____ MATERIAL SHOWN
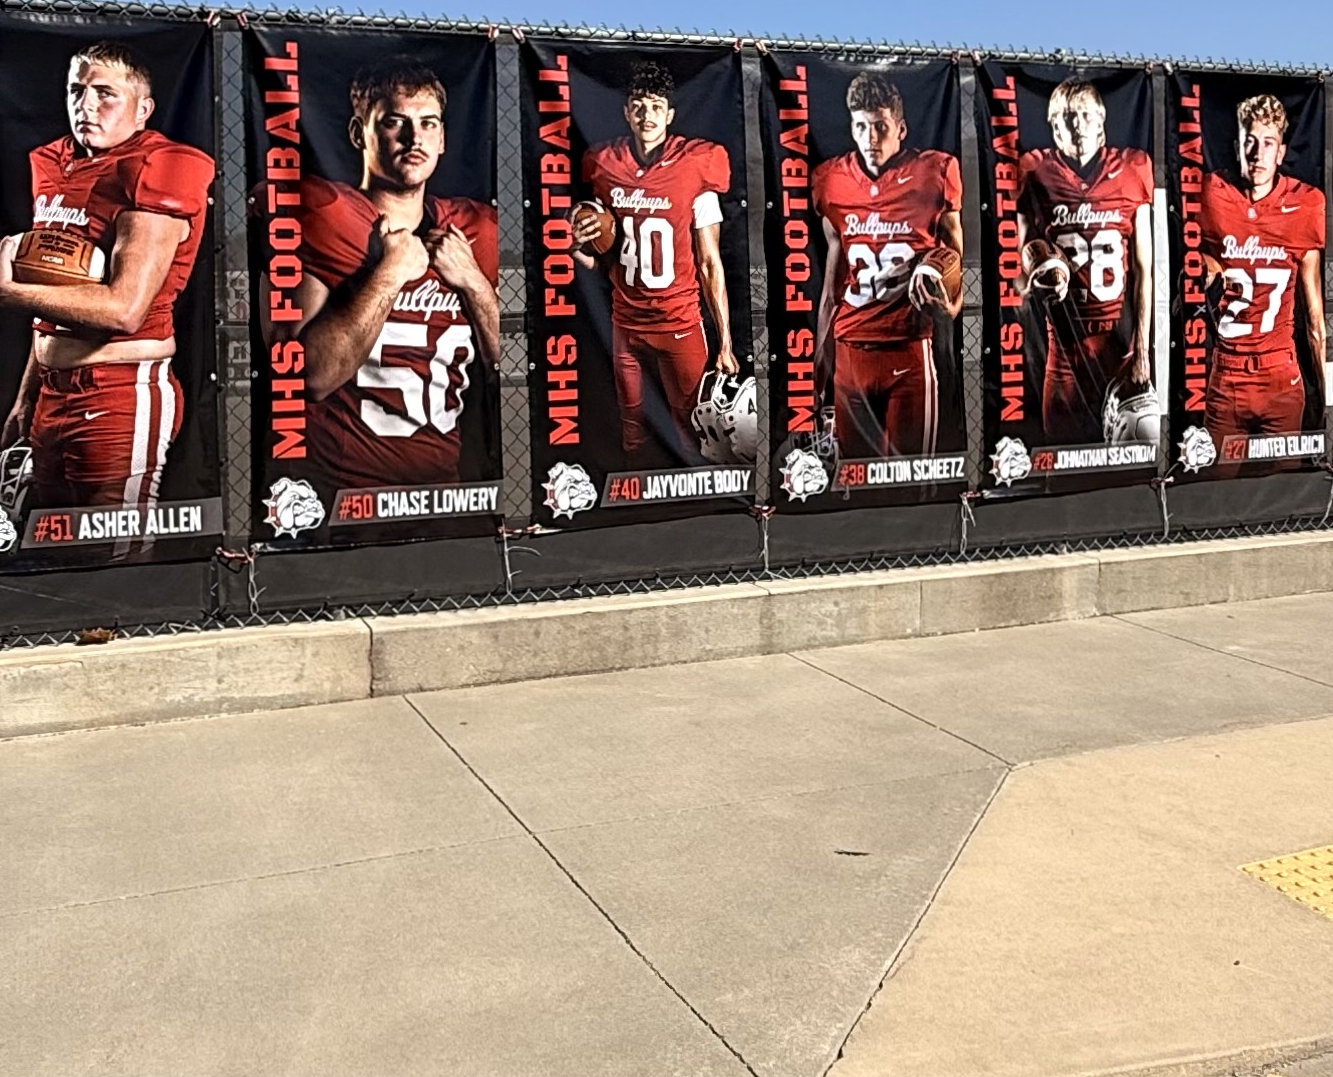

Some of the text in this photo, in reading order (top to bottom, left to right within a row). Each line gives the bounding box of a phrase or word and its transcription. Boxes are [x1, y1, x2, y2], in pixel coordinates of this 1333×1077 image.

[611, 187, 672, 211] Bullpups
[1051, 203, 1124, 229] Bullpups
[844, 212, 912, 240] Bullpups
[265, 41, 306, 459] MHS FOOTBALL
[538, 55, 581, 446] MHS FOOTBALL
[620, 217, 675, 289] 40
[779, 65, 815, 432] MHS FOOTBALL
[991, 76, 1025, 422] MHS FOOTBALL
[1178, 84, 1206, 412] MHS FOOTBALL
[1221, 234, 1287, 263] Bullpups
[844, 243, 915, 308] 38
[1218, 268, 1291, 338] 27
[357, 322, 475, 438] 50
[1034, 445, 1156, 470] #28 JOHNATHAN SEASTROM
[1225, 440, 1246, 460] #27
[1248, 436, 1286, 460] HUNTER
[609, 471, 751, 500] #40 JAYVONTE BODY
[839, 457, 965, 486] #38 COLTON SCHEETZ
[339, 486, 499, 520] #50 CHASE LOWERY
[33, 506, 202, 541] #51 ASHER ALLEN
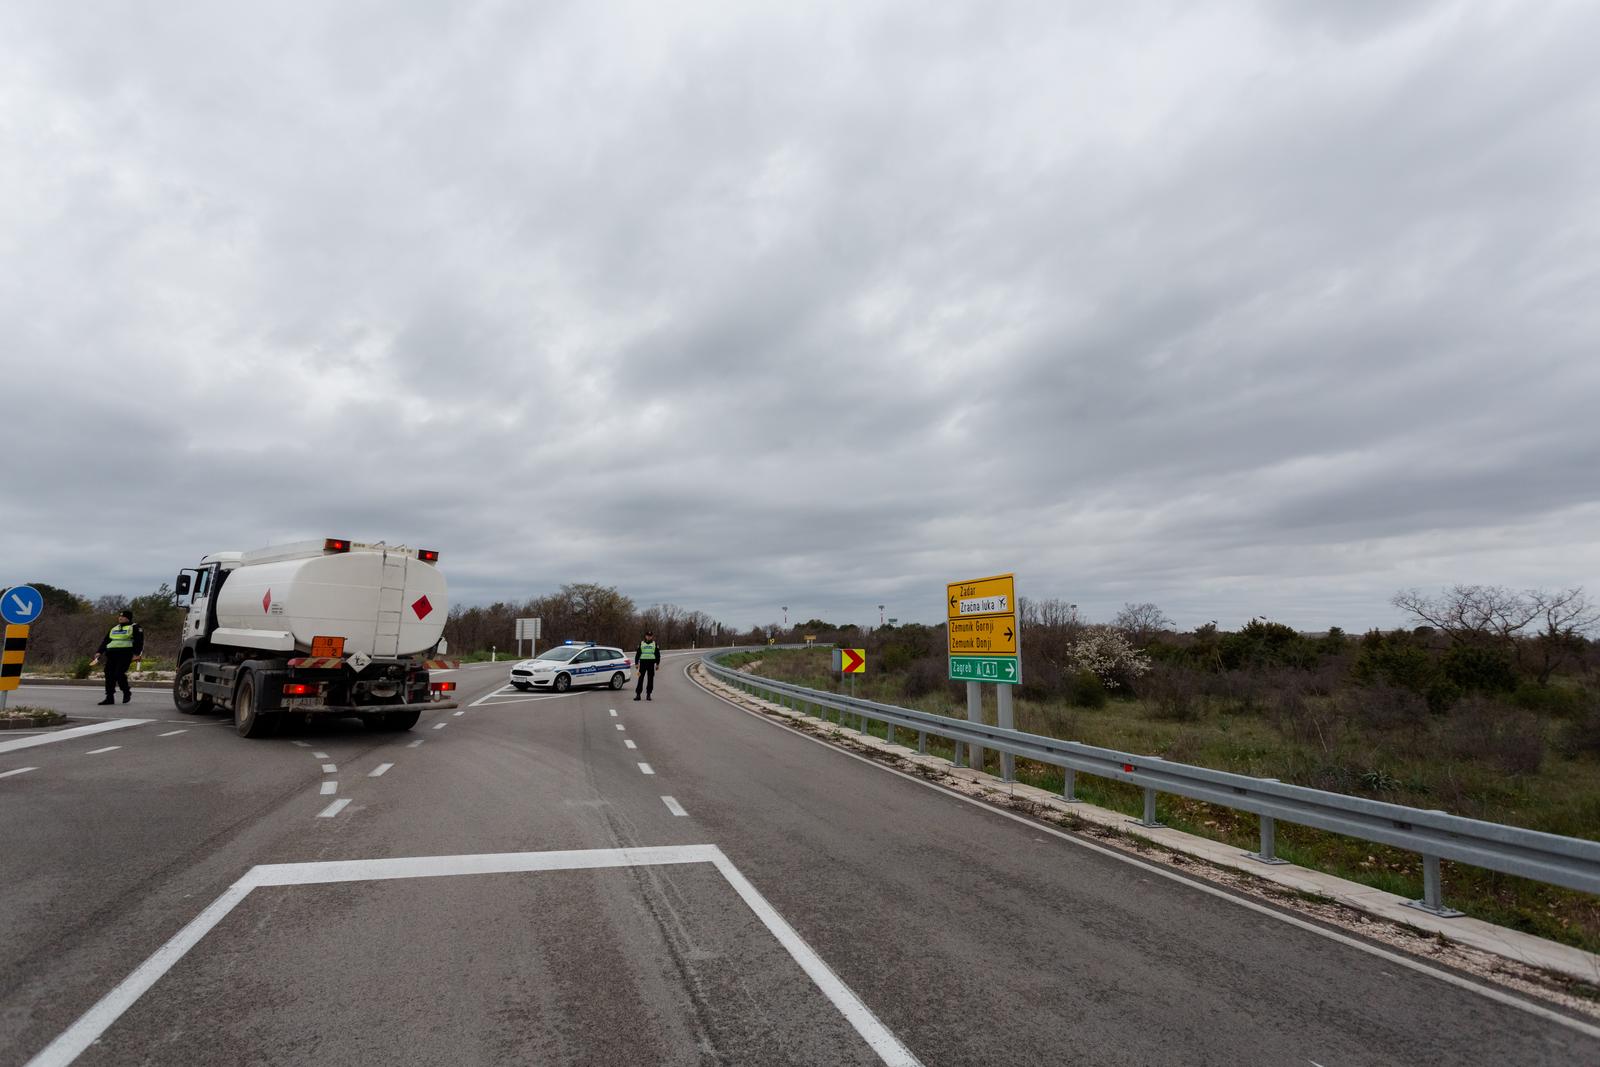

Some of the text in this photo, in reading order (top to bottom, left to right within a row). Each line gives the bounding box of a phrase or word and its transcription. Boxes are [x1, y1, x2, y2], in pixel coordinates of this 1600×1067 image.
________
_DIRECTIONS_
Exactly as they appear above, give the records again, without their pictures.

_SOLUTION FOR THIS PROBLEM_
Some of the text in this photo, in reading order (top to bottom, left to right within a row). Each line gives the bounding box of a phrase or word and its transcription. Boxes are [x1, y1, x2, y2], in pixel coordinates of this 1333×1077 image.

[611, 187, 672, 211] Bullpups
[1051, 203, 1124, 229] Bullpups
[844, 212, 912, 240] Bullpups
[265, 41, 306, 459] MHS FOOTBALL
[538, 55, 581, 446] MHS FOOTBALL
[620, 217, 675, 289] 40
[779, 65, 815, 432] MHS FOOTBALL
[991, 76, 1025, 422] MHS FOOTBALL
[1178, 84, 1206, 412] MHS FOOTBALL
[1221, 234, 1287, 263] Bullpups
[844, 243, 915, 308] 38
[1218, 268, 1291, 338] 27
[357, 322, 475, 438] 50
[1034, 445, 1156, 470] #28 JOHNATHAN SEASTROM
[1225, 440, 1246, 460] #27
[1248, 436, 1286, 460] HUNTER
[609, 471, 751, 500] #40 JAYVONTE BODY
[839, 457, 965, 486] #38 COLTON SCHEETZ
[339, 486, 499, 520] #50 CHASE LOWERY
[33, 506, 202, 541] #51 ASHER ALLEN

Some of the text in this photo, in reading order (top to bottom, left to right within a row). Each line gives the bounding box of a phrase or word and its transcription. Boxes are [x1, y1, x2, y2], in pixel coordinates of this 1600×1067 image.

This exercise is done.